ABOUT THIS EXERCISE - A faithful copy of the data is the goal; set it down exactly, without the images.

________________________________________

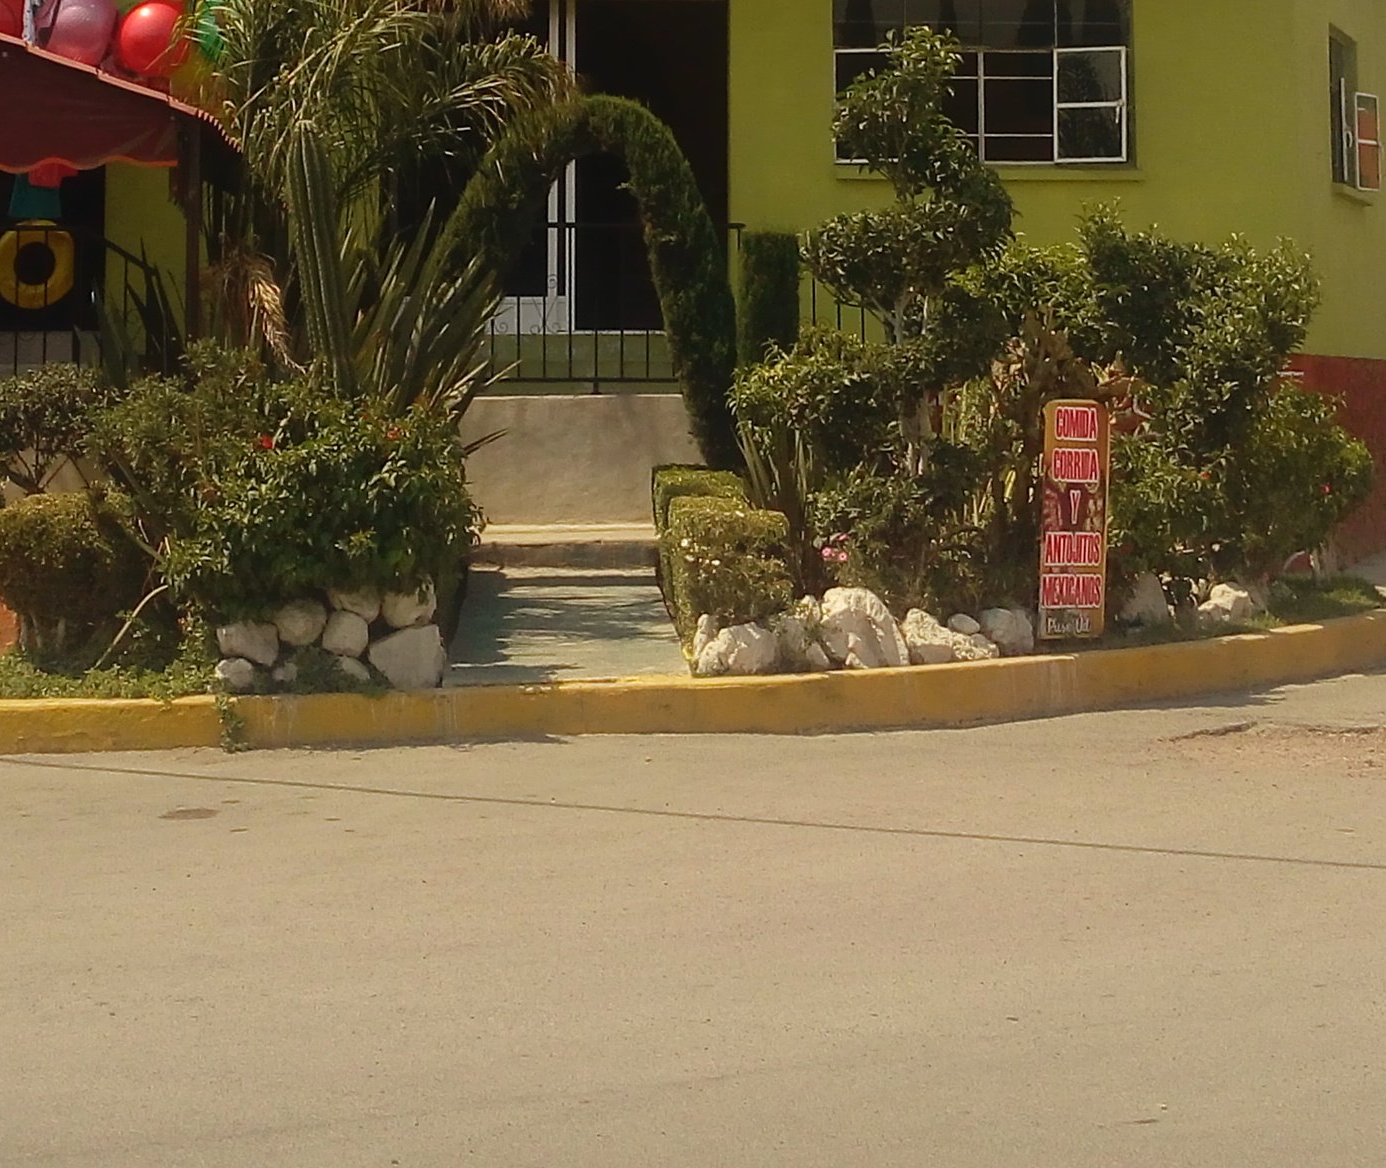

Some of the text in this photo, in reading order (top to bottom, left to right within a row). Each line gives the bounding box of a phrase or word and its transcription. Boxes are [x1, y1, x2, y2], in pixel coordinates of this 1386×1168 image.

[1055, 406, 1098, 441] COMIDA
[1052, 448, 1099, 482] CORRIDA
[1070, 489, 1081, 524] Y
[1044, 532, 1101, 566] ANTOJITOS
[1041, 574, 1102, 609] MEXICANOS
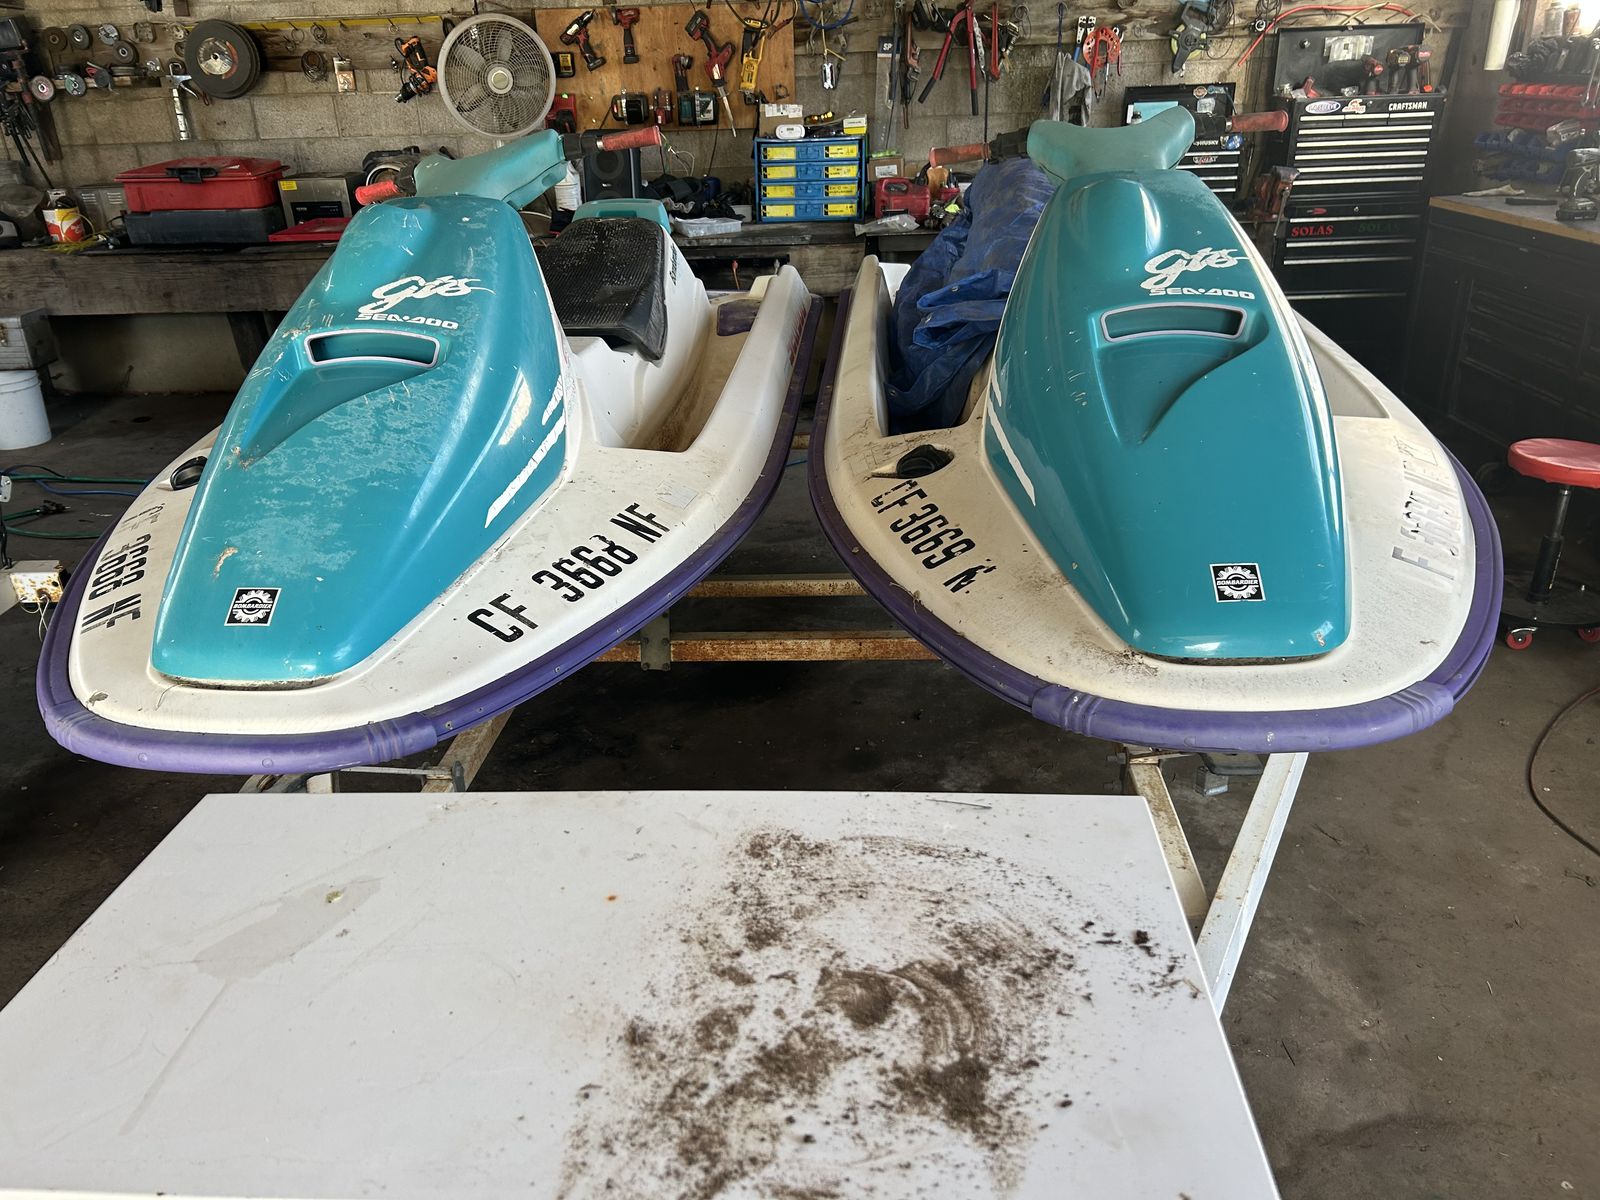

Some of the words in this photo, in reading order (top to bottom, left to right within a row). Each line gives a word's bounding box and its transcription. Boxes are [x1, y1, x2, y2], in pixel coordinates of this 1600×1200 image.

[1388, 101, 1428, 111] CRAFTSMAN
[1291, 225, 1334, 237] SOLAS
[889, 503, 976, 569] 3669
[467, 592, 539, 643] CF
[531, 534, 639, 603] 3668
[609, 502, 671, 544] NF
[80, 593, 142, 635] NF

________________________________________

EXERCISE OUTPUT -
Some of the text in this photo, in reading order (top to bottom, left to right within a row). Each line gives the bounding box of a phrase or word and its transcription. Boxes are [x1, y1, x2, y2], in pixel coordinates of this 1386×1168 image.

[1055, 406, 1098, 441] COMIDA
[1052, 448, 1099, 482] CORRIDA
[1070, 489, 1081, 524] Y
[1044, 532, 1101, 566] ANTOJITOS
[1041, 574, 1102, 609] MEXICANOS

Some of the words in this photo, in reading order (top to bottom, left to right within a row). Each line gives a word's bounding box and its transcription. Boxes are [x1, y1, x2, y2], in pixel coordinates of this 1600×1200 image.

[1388, 101, 1428, 111] CRAFTSMAN
[1291, 225, 1334, 237] SOLAS
[889, 503, 976, 569] 3669
[467, 592, 539, 643] CF
[531, 534, 639, 603] 3668
[609, 502, 671, 544] NF
[80, 593, 142, 635] NF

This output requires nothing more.